Seconds passed, then a minute, then two, and finally after nearly five of him standing there the door opened. He was immediately greeted with the smell of a house that hadn’t been aired out in quite a while, the stink of stale alcohol, and dim lighting. The owner of the home stood before him, her red hair disheveled, her blue eyes strained, and her face contorted in disappointment.

“You’re not my delivery man,” she mumbled as she held the door-frame to steady herself. She blinked a few times and he could see her trying to remember his name. “You’re the doctor … uh … Hawk? Halsey?”

“Hawthorn,” he gently corrected. “Ed Hawthorn. Miss Reilly, may I come in for just a minute? I have something I’d like to ask.”

She gripped the door-frame harder as she tried to stand straight, but just ended up leaning against it. “No.” She turned to leave, lost her balance, and fell-forward into the house, stumbling over something before crashing herself into the bottle-laden couch, the sound of glass crunching beneath her.

That was good enough an excuse for him to enter. “Are you all right?”

The door shut behind him and the light levels fell dark.

“Shit … fuck off! I’m fine!”

“Computer, set lights to fifty percent.” The house computer obliged and the darkened home grew less dark. Ed took a moment to scan the living room and found himself pitying the woman; the couch wasn’t the only place covered in empty bottles.

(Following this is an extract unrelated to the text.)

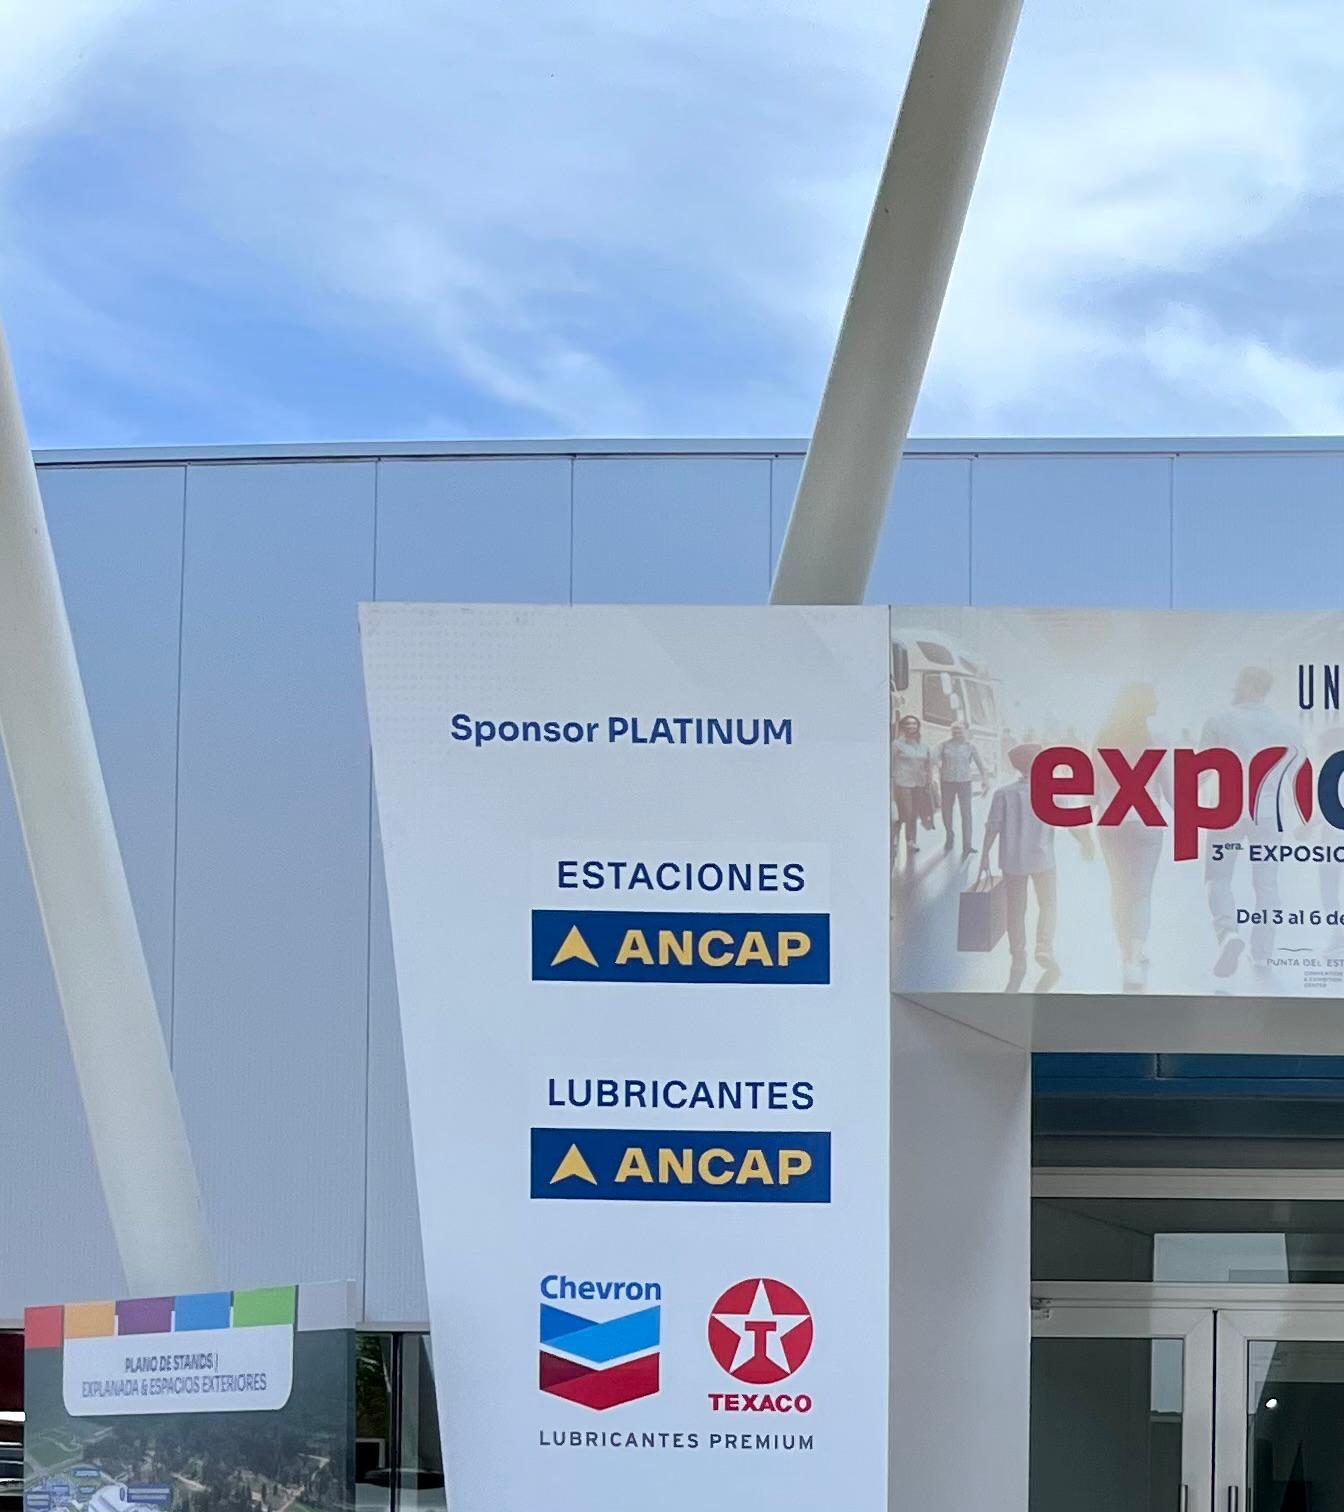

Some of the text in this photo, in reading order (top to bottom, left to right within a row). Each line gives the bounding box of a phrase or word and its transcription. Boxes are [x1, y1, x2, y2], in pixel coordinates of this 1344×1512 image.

Reilly covered her eyes, turning her ahead away. “What the hell?”

“I need to see if I’m going to patch you up,” he told her. He knelled down beside her and grimaced at her right arm, which was covered in shards of broken glass and blood — she had used it to brace herself when she fell. The glass was in there deep. “We need to get you back to my infirmary.”

She used her left arm to swing at him and he easily dodged it. “I don’t want any help, just go!”

She swung her left arm at him again and he caught it this time, gripping it firmly. “Uncooperative patients are my least favorite people, especially ones that ignore life-threatening injuries. You’re bleeding out and I need to get all that glass out of you before you’re too far gone. Do you understand?”

She didn’t try to fight back, but rather relaxed and leaned back. “Fine. Whatever. I’m already gone anyway.”

She ’s given up. Fuck.

He shook his head. “You’re still here. Now, do you have a medkit around? I can stabilize things until we get you to the infirmary if you do.”

She stared at her bleeding arm and pointed at the nearby cabinet.

He walked over to it, opened it, and found the medkit — blessedly untouched — but also found broken holoframes. Most of them weren’t functioning, but one — Reilly with another older woman, whom she bore quite a resemblance to — still worked. He made a mental note about that and returned to Reilly with the medkit.

She glared him as he stabilized her arm. “Why are you here?”

He scanned her right arm and gave a little nod. “You’re stabilized. Should only take a few hours at the infirmary to fix you up.” He closed the tricorder and put it back into the medkit. “As for why I’m here …” He sighed. “The colony needs your help.”

She laughed darkly. “My help?”

“There are Orion pirates attacking our trade convoys. Starfleet has done nothing … we’re not a priority.” He met her eyes. “We need someone to lead a militia, to defend us.”

“You’re crazy. I’m done.”

He locked his eyes with her's. “Are you sure?”